Pralidossima: dosaggi e per cosa si usa

La pralidossima, chiamata anche 2-PAM, si caratterizza per essere un principio attivo che viene spesso impiegato alla stregua di antidoto (insieme all’atropina) per combattere gli effetti degli esteri organofosforici.

Tante volte la pralidossima viene utilizzata in associazione con il diazepam. La modalità che viene utilizzata più di frequente è sicuramente il sale che presenta al suo interno l’anione cloruro oppure la pralidossima metilsolfato. In commercio si trova con il nome di Protopam, Contrathion o Pralidoxima.

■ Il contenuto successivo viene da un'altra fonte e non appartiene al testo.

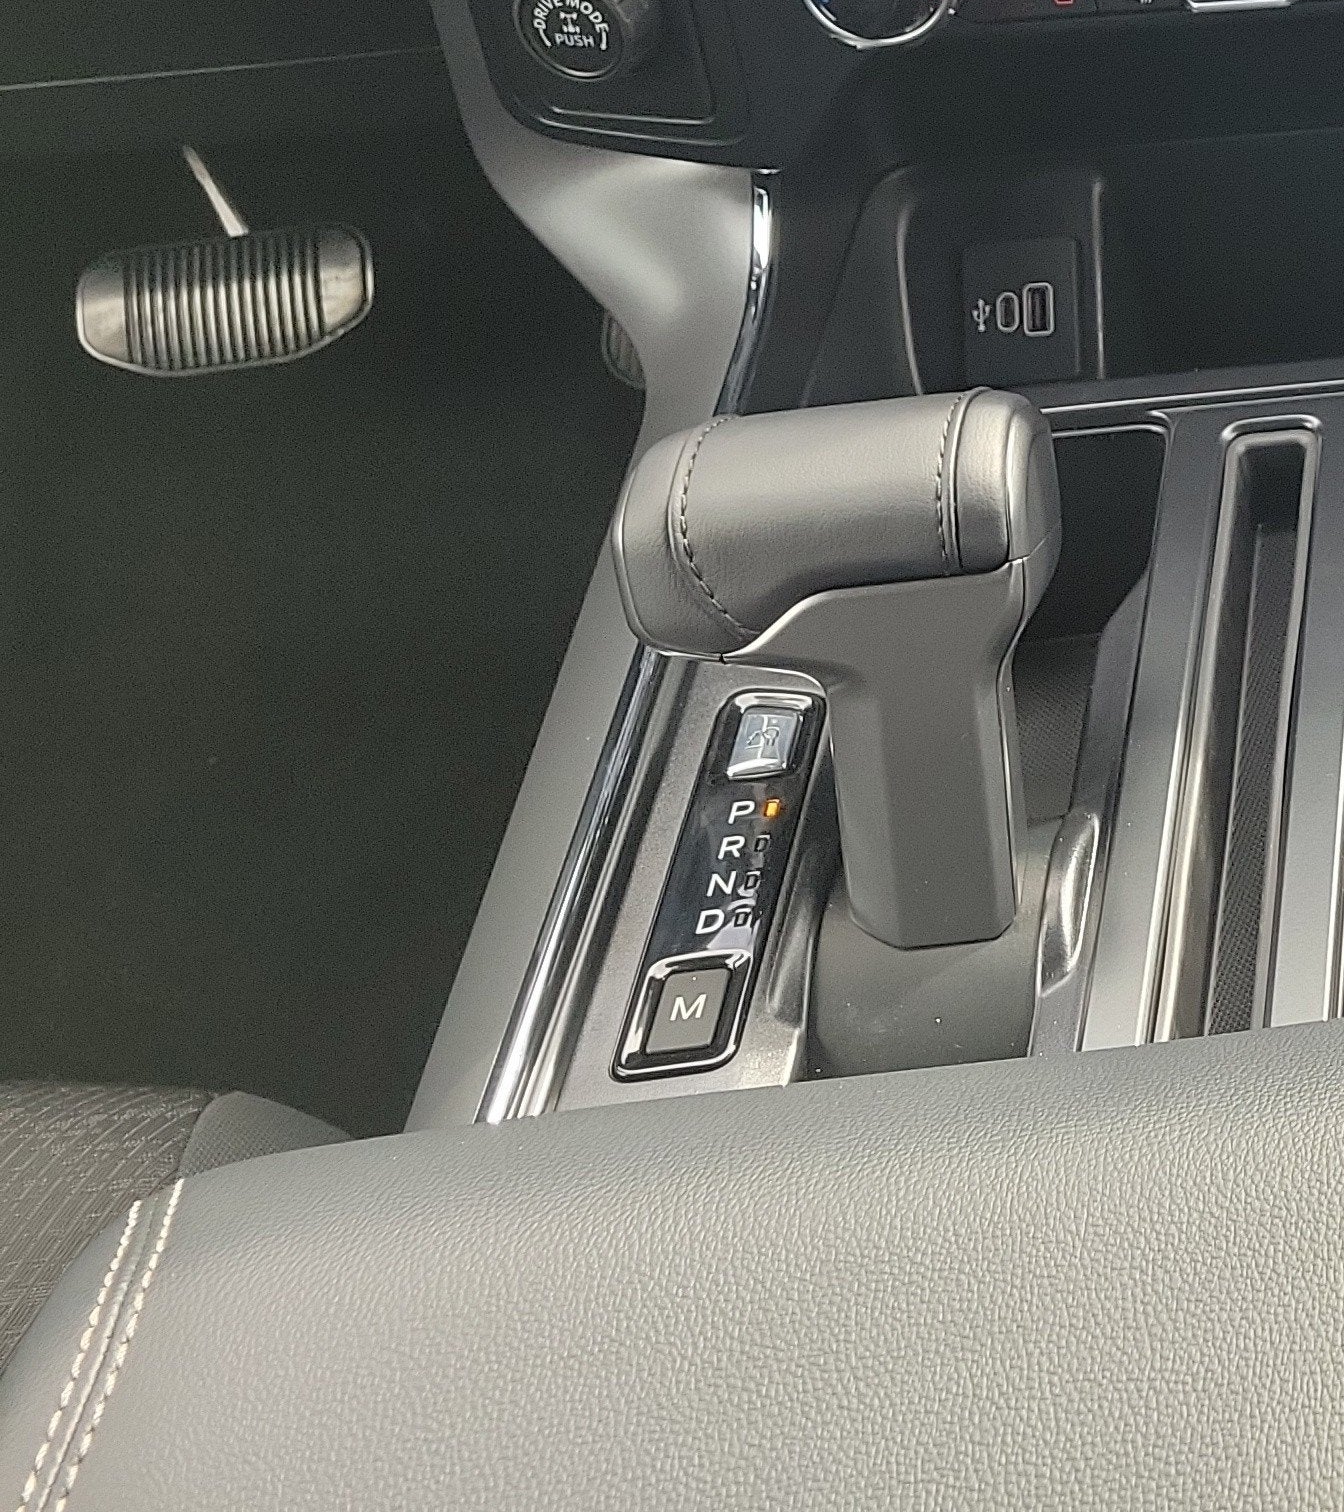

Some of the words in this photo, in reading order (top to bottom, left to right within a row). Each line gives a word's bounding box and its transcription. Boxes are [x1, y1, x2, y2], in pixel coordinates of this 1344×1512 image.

[554, 32, 595, 48] PUSH
[728, 800, 755, 825] P
[717, 834, 745, 860] R
[706, 871, 737, 897] N
[695, 908, 725, 935] D
[670, 994, 707, 1021] M

Quali sono gli effetti collaterali

L’impiego di questo farmaco può comportare alcuni effetti collaterali piuttosto frequenti. Si tratta, ad esempio, di sensazioni come nausea, sonnolenza, stanchezza, vertigini, offuscamento della vista, tachicardia, cefalea, debolezza dell’apparato muscolare, iperventilazione, incremento transitorio delle creatinchinasi e diplopia. Quando la somministrazione tramite endovena di questo principio attivo avviene troppo rapidamente, si possono verificare alcuni disturbi ben precisi oltre alla tachicardia, come la rigidità dell’apparato muscolare e laringospasmo.

Come viene somministrata

Questo farmaco viene utilizzato soprattutto mediante endovena, somministrata in modo decisamente lento in 5-10 minuti, oppure tramite infusione, in circa mezz’ora. C’è la possibilità anche di somministrare la pralidossima mediante iniezioni intramuscolari oppure sottocutanee. Nelle persone adulte, si consiglia di assumere un dosaggio pari a 30 mg per ogni chilo di peso corporeo: nella maggior parte dei casi, quindi, si tratta di 1-2 grammi. Spesso tale dosaggio viene somministrato endovena, con la possibilità di ripetere il trattamento dopo un’ora. Per quanto riguarda i bambini, invece, si consiglia un dosaggio di circa 20-50 mg per ogni chilo di peso corporeo, per poi ripetere il dosaggio con un’infusione di mantenimento da 5-10 mg per ciascun chilo.

Quali sono le interazioni

L’associazione tra questo farmaco e l’atropina può comportare l’insorgere di alcuni segni di atropinizzazione, come ad esempio tachicardia, ma anche secchezza che colpisce la bocca e il naso, vampate di calore e midriasi. Tutti questi sintomi possono comparire decisamente prima rispetto a quanto avverrebbe nel caso di un uso esclusivo dell’atropina.

Perché si usa la pralidossima

Questa molecola viene spesso consigliata nel caso in cui sia necessario curare un paziente colpito da avvelenamento di sostanze organofosfate, a patto che chiaramente la somministrazione avvenga in tempi brevissimi. Dopo un giorno dall’avvelenamento, infatti, questa molecola assume una minore efficacia, dal momento che l’inattivazione della colinesterasi è definitiva.

Quali sono le controindicazioni

Questa molecola viene assolutamente sconsigliata nel caso in cui il paziente presenti un’allergia nei confronti del principio attivo. In modo particolare, quando è necessario attuare una terapia in pazienti avvelenati da insetticidi carbammati, pare che l’assunzione di tale molecola possa comportare addirittura una tossicità più elevata. L’assunzione di pralidossima si verifica tramite endovena oppure mediante infusione continua (con un dosaggio pari a circa 8 grammi nel corso dell’intera giornata).

I pazienti che soffrono di miastenia grave devono prestare la massima attenzione nell’assunzione di questo tipo di farmaci, dal momento che sono in grado di provocare crisi miasteniche. Quando tali farmaci vengono assunti a dosi troppo alte, c’è la possibilità che portino ad un blocco neuromuscolare per colpa degli elementi organo-fosforici.